Given data
........

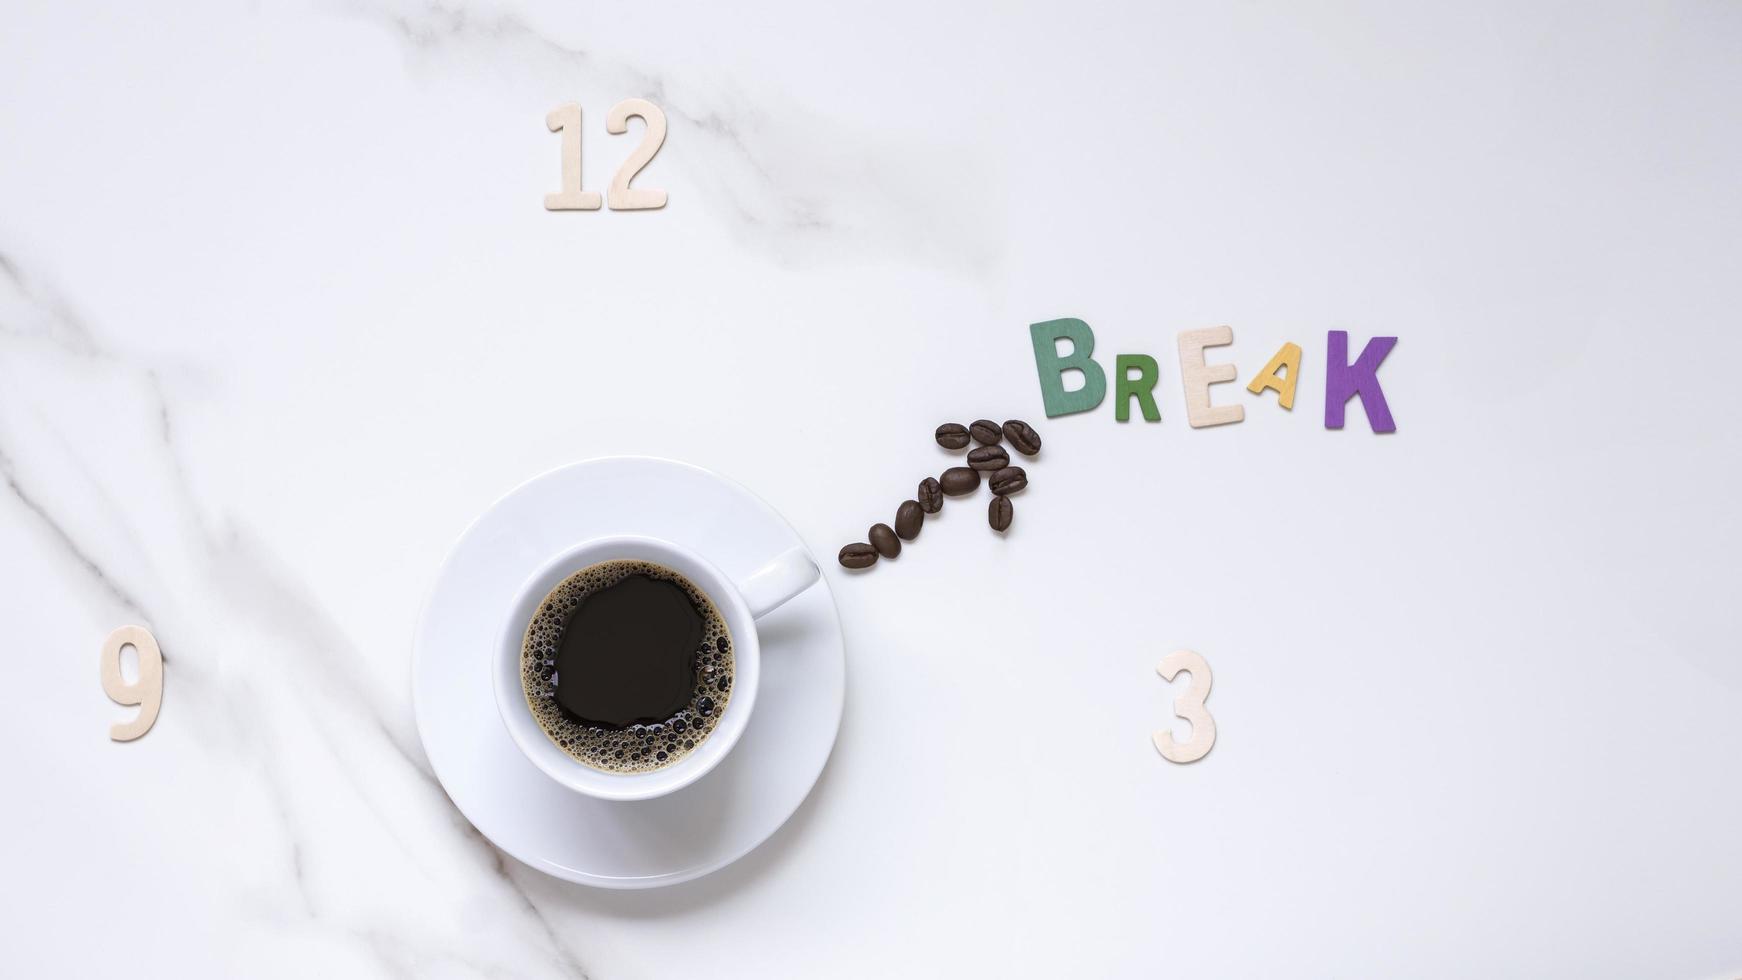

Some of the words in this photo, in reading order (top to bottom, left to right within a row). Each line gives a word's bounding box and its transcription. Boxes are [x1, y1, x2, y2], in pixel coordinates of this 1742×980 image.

[544, 98, 668, 211] 12
[1029, 317, 1399, 434] BREAK
[100, 624, 164, 743] 9
[1151, 649, 1217, 765] 3

........

What the task requires
Copy the whole listing exactly, excluding the pictures in it.

Problem solution
Some of the words in this photo, in reading order (top to bottom, left to right within a row). Each line gives a word's bounding box and its transcription. Boxes are [x1, y1, x2, y2], in pixel coordinates of this 1742×980 image.

[544, 98, 668, 211] 12
[1029, 317, 1399, 434] BREAK
[100, 624, 164, 743] 9
[1151, 649, 1217, 765] 3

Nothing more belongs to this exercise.